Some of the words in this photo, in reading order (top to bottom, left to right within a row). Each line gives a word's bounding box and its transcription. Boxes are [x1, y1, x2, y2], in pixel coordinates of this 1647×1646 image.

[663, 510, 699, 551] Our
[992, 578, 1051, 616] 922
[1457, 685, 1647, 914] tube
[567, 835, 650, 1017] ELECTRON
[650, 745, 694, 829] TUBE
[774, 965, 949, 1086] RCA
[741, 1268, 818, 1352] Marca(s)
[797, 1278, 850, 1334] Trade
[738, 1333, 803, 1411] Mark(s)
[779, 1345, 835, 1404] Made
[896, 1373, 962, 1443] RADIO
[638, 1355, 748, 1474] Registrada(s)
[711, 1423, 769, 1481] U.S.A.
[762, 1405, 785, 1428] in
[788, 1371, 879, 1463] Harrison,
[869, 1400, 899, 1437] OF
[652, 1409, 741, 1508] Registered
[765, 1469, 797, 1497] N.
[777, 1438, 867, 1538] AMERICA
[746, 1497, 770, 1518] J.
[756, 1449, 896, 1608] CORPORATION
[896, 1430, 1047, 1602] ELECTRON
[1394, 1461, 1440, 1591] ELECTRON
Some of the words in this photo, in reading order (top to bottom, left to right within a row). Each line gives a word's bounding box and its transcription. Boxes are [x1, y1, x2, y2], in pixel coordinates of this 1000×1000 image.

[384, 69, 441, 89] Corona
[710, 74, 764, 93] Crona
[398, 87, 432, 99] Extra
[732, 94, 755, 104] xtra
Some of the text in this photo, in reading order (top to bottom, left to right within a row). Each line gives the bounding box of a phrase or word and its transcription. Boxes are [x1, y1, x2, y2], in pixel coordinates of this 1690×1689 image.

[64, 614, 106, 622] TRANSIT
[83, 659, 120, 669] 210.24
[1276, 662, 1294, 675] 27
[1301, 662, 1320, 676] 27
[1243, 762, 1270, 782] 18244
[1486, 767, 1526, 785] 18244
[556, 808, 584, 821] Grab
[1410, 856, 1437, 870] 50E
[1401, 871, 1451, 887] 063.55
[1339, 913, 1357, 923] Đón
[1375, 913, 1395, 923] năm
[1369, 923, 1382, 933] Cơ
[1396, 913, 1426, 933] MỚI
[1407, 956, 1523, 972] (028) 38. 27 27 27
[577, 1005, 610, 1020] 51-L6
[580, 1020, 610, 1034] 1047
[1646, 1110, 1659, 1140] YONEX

______________________________

Exercise:
The data above should be returned exactly as written.

Solution to this problem:
Some of the words in this photo, in reading order (top to bottom, left to right within a row). Each line gives a word's bounding box and its transcription. Boxes are [x1, y1, x2, y2], in pixel coordinates of this 1647×1646 image.

[663, 510, 699, 551] Our
[992, 578, 1051, 616] 922
[1457, 685, 1647, 914] tube
[567, 835, 650, 1017] ELECTRON
[650, 745, 694, 829] TUBE
[774, 965, 949, 1086] RCA
[741, 1268, 818, 1352] Marca(s)
[797, 1278, 850, 1334] Trade
[738, 1333, 803, 1411] Mark(s)
[779, 1345, 835, 1404] Made
[896, 1373, 962, 1443] RADIO
[638, 1355, 748, 1474] Registrada(s)
[711, 1423, 769, 1481] U.S.A.
[762, 1405, 785, 1428] in
[788, 1371, 879, 1463] Harrison,
[869, 1400, 899, 1437] OF
[652, 1409, 741, 1508] Registered
[765, 1469, 797, 1497] N.
[777, 1438, 867, 1538] AMERICA
[746, 1497, 770, 1518] J.
[756, 1449, 896, 1608] CORPORATION
[896, 1430, 1047, 1602] ELECTRON
[1394, 1461, 1440, 1591] ELECTRON
Some of the words in this photo, in reading order (top to bottom, left to right within a row). Each line gives a word's bounding box and its transcription. Boxes are [x1, y1, x2, y2], in pixel coordinates of this 1000×1000 image.

[384, 69, 441, 89] Corona
[710, 74, 764, 93] Crona
[398, 87, 432, 99] Extra
[732, 94, 755, 104] xtra
Some of the text in this photo, in reading order (top to bottom, left to right within a row). Each line gives the bounding box of a phrase or word and its transcription. Boxes are [x1, y1, x2, y2], in pixel coordinates of this 1690×1689 image.

[64, 614, 106, 622] TRANSIT
[83, 659, 120, 669] 210.24
[1276, 662, 1294, 675] 27
[1301, 662, 1320, 676] 27
[1243, 762, 1270, 782] 18244
[1486, 767, 1526, 785] 18244
[556, 808, 584, 821] Grab
[1410, 856, 1437, 870] 50E
[1401, 871, 1451, 887] 063.55
[1339, 913, 1357, 923] Đón
[1375, 913, 1395, 923] năm
[1369, 923, 1382, 933] Cơ
[1396, 913, 1426, 933] MỚI
[1407, 956, 1523, 972] (028) 38. 27 27 27
[577, 1005, 610, 1020] 51-L6
[580, 1020, 610, 1034] 1047
[1646, 1110, 1659, 1140] YONEX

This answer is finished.